I can’t recall which cable I used though. The cable might have been garbage but I’m pretty sure I threw out all the older USB cables so they wouldn’t get mixed with more modern supporting cables.
Laptop charges fine regular 5V as well.
When plugged into 100W chargers while powered on, it takes ten minutes to gain a single percentage point. Idle in power save may let me charge the thing in a few hours. If I start playing video, the battery slowly drains.

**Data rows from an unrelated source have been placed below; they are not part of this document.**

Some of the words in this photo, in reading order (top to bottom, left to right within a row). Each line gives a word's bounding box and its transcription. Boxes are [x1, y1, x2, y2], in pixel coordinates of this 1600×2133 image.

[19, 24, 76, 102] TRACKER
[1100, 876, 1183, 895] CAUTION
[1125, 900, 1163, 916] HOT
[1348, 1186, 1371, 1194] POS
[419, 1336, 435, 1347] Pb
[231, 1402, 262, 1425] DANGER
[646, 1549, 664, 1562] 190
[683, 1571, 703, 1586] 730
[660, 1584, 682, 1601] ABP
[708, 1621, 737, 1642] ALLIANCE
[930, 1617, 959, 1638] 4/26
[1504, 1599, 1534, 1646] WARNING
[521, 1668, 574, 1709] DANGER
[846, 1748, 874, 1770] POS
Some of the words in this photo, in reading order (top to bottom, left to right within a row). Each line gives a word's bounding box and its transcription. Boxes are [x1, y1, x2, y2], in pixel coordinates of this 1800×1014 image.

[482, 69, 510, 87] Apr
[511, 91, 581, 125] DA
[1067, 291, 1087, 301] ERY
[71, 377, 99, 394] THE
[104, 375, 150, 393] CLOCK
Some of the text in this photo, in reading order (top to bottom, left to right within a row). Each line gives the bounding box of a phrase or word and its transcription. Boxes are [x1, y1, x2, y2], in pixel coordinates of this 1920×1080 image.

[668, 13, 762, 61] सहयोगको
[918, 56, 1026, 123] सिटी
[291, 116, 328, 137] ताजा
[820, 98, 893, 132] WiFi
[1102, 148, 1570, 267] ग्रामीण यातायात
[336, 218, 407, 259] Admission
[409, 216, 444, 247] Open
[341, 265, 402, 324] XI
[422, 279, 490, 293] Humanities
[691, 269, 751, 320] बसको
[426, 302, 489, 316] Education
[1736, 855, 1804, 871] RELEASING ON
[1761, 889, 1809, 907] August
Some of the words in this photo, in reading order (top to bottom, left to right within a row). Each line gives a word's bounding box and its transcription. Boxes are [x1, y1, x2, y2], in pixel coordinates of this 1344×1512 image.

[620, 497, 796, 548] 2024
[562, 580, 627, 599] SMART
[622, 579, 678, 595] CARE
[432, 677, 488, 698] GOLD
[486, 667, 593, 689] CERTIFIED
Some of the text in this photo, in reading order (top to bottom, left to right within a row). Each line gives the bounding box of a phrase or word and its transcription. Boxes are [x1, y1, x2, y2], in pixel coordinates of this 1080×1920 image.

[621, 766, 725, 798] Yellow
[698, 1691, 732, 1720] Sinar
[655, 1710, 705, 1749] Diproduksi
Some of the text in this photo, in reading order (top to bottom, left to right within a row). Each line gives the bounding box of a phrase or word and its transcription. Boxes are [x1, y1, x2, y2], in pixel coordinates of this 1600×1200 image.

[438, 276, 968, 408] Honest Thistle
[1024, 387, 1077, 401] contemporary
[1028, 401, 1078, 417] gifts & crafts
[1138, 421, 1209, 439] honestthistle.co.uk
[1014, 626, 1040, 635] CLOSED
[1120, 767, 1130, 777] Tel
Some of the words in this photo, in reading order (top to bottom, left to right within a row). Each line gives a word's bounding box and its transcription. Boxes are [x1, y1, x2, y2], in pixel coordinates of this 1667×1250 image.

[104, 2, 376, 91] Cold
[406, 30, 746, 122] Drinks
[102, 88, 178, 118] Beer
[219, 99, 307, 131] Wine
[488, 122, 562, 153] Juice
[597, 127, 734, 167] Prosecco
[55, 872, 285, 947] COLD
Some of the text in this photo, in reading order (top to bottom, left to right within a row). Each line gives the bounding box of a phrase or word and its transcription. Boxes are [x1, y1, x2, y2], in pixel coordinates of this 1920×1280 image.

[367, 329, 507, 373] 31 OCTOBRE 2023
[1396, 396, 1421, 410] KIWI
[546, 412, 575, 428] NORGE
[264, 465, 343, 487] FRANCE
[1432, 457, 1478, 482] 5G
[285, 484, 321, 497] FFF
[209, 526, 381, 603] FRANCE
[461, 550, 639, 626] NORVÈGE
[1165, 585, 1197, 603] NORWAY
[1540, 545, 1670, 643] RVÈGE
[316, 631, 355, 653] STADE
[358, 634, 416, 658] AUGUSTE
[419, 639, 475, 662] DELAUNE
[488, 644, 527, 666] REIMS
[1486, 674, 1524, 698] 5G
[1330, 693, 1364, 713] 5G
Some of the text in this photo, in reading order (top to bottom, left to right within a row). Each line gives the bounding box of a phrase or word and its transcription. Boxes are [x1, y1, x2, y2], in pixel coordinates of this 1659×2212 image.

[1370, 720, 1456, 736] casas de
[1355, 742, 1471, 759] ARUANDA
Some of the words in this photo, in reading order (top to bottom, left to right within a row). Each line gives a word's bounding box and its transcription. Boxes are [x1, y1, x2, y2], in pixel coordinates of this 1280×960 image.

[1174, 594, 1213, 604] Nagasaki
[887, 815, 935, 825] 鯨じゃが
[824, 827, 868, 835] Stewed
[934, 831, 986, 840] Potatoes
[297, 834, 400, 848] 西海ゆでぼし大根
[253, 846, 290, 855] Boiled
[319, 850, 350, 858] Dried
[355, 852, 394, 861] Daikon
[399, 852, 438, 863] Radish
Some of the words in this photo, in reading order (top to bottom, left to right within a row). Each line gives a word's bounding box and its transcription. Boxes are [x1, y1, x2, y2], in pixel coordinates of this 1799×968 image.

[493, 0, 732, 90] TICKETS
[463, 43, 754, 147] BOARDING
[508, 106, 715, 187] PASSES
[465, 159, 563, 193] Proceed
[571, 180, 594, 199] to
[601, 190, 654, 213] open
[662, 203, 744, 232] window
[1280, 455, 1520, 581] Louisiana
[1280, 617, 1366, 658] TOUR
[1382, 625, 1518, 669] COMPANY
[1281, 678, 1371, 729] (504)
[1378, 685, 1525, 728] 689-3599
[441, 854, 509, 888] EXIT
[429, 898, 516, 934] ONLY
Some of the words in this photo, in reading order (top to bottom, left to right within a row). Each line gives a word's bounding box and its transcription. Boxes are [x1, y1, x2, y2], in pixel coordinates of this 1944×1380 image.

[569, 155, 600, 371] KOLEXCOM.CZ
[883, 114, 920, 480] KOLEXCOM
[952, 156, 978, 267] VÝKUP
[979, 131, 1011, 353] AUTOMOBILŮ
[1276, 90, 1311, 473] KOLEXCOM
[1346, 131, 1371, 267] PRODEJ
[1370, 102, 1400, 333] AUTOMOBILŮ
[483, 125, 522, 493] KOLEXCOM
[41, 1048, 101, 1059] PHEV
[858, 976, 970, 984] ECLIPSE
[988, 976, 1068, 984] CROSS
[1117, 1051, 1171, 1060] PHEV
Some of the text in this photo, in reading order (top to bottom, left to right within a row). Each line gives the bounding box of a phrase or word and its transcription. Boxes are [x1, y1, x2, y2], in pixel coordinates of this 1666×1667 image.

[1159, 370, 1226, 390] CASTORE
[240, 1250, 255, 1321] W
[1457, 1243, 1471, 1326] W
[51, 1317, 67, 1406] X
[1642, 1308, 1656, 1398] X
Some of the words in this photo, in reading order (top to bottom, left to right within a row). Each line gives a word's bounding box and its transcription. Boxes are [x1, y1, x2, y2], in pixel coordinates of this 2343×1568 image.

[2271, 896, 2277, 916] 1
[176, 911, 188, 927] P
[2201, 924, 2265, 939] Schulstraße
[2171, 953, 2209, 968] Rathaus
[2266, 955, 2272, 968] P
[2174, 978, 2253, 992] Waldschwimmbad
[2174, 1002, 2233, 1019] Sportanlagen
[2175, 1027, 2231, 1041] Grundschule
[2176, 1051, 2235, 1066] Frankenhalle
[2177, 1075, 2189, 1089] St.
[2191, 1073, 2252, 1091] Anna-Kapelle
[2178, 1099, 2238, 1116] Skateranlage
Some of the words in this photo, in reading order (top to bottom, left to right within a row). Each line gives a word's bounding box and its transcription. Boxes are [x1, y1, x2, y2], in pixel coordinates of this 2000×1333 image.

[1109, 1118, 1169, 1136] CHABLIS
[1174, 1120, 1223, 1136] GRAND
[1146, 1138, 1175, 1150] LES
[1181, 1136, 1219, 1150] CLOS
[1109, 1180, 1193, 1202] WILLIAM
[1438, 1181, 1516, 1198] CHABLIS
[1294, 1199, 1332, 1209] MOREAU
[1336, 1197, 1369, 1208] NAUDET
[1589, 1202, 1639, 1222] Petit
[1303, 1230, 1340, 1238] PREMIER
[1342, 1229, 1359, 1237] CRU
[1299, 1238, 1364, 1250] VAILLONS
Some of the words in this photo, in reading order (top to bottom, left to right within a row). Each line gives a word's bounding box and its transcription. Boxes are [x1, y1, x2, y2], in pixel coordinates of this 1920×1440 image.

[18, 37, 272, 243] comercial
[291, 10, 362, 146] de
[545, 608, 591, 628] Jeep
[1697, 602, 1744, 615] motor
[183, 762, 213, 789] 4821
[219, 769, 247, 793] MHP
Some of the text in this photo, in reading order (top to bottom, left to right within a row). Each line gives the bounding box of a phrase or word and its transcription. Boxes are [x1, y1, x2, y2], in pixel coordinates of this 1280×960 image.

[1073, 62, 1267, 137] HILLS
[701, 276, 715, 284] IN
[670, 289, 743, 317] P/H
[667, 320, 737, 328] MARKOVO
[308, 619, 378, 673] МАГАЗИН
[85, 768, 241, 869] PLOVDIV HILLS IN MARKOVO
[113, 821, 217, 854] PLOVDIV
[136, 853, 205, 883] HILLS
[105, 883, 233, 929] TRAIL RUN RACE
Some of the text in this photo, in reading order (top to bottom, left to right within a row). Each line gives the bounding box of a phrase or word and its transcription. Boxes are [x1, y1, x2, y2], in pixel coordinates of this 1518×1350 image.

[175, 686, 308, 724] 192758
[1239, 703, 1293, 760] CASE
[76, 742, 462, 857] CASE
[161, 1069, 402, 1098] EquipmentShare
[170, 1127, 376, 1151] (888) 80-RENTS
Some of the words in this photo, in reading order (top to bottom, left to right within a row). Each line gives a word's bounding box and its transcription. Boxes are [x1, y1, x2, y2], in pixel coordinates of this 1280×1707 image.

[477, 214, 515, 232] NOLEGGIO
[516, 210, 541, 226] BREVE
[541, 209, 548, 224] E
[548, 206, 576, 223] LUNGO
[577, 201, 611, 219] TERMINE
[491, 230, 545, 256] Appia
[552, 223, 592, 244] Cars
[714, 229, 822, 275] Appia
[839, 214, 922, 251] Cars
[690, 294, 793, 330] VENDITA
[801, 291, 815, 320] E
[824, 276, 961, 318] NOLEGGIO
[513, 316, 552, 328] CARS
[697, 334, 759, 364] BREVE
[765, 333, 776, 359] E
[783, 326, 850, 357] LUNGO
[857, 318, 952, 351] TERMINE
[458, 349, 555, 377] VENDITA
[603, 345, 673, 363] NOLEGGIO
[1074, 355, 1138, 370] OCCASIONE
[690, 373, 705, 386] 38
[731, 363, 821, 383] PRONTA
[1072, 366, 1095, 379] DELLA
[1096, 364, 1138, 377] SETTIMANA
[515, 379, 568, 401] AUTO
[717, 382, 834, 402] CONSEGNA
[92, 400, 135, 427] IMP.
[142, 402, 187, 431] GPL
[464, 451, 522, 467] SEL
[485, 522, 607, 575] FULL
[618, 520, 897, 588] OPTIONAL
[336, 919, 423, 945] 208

If your laptop is part space heater, like most laptops with Nvidia GPUs in them seem to be, using a low power adapter like that is pretty useless.
Also, 100W chargers are what, 25 euros these days? An OEM charger costs about 120 so the USB-C plan still works out.
Other manufacturers do similar things. Apple accepts lower wattage chargers (because that's what they sell themselves) but they ignore two power negotiation standards and only supports the very latest, which isn't in many affordable chargers, limiting the fast charge capacity for third parties.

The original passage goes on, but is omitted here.